WORK INSTRUCTION :: Each line below should be retyped exactly, with no pictures.

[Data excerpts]
=== Section Start ===

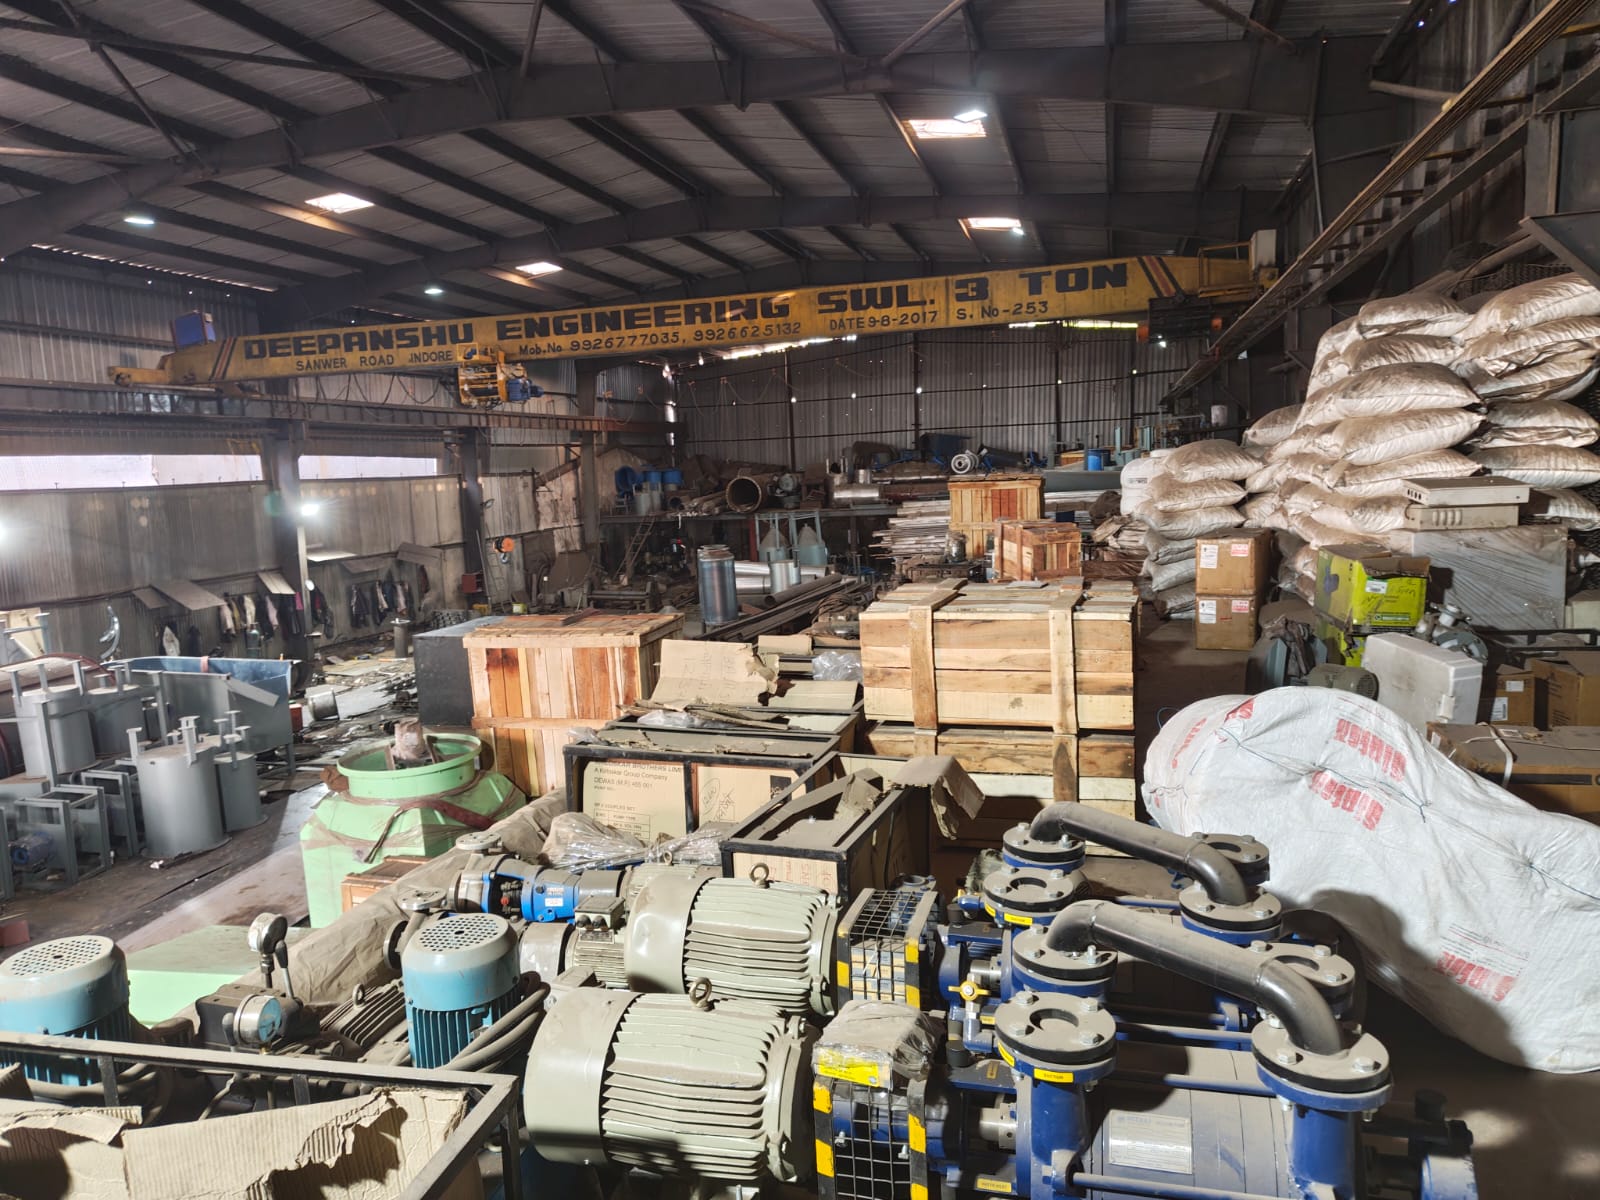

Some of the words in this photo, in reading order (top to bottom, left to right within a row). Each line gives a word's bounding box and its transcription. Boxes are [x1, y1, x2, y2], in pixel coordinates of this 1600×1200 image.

[244, 323, 474, 360] DEEPANSHU
[496, 298, 790, 340] ENGINEERING
[817, 284, 936, 314] SWL.
[955, 277, 989, 302] 3
[1019, 263, 1128, 296] TON
[693, 322, 801, 342] 9926625132
[829, 316, 865, 331] DATE
[296, 357, 347, 371] SANWER
[359, 354, 394, 367] ROAD
[409, 351, 453, 364] INDORE
[641, 772, 668, 781] Company
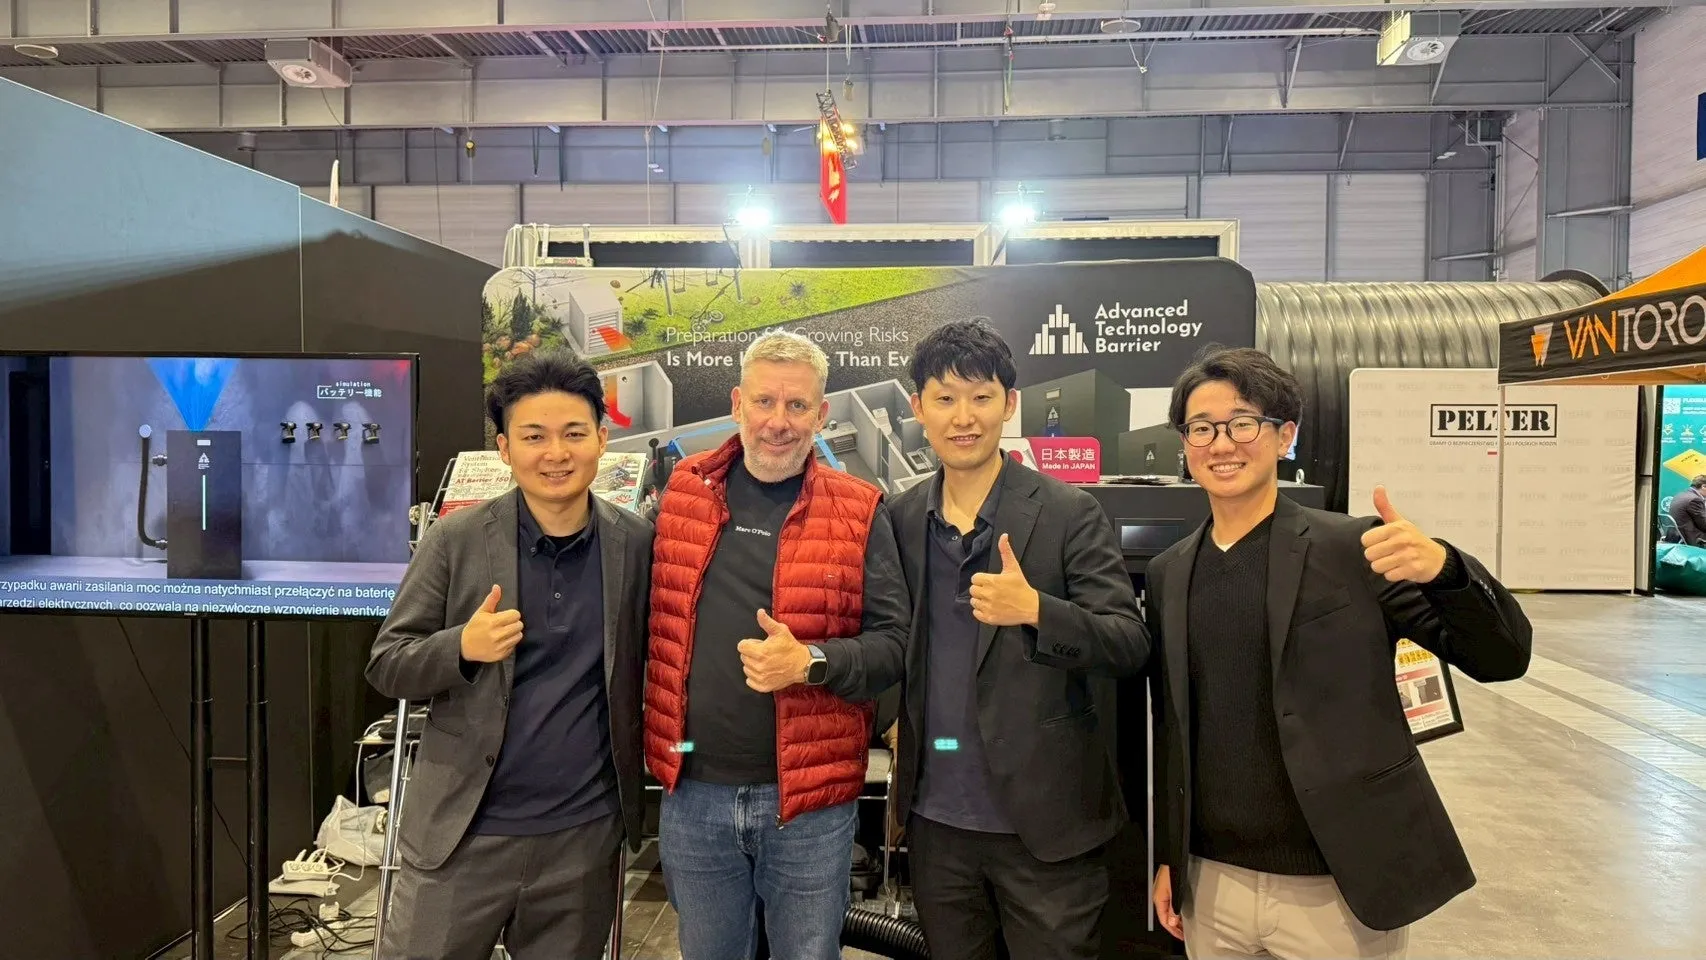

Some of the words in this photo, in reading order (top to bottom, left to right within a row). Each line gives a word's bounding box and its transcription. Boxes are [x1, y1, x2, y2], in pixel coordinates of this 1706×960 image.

=== Section End ===

EXERCISE SOLUTION ::
Some of the words in this photo, in reading order (top to bottom, left to right within a row). Each line gives a word's bounding box and its transcription. Boxes are [x1, y1, x2, y2], in pixel coordinates of this 1600×1200 image.

[244, 323, 474, 360] DEEPANSHU
[496, 298, 790, 340] ENGINEERING
[817, 284, 936, 314] SWL.
[955, 277, 989, 302] 3
[1019, 263, 1128, 296] TON
[693, 322, 801, 342] 9926625132
[829, 316, 865, 331] DATE
[296, 357, 347, 371] SANWER
[359, 354, 394, 367] ROAD
[409, 351, 453, 364] INDORE
[641, 772, 668, 781] Company

Some of the words in this photo, in reading order (top to bottom, left to right within a row). Each line gives a word's bounding box and its transcription. Boxes are [x1, y1, x2, y2], in pixel coordinates of this 1706×960 image.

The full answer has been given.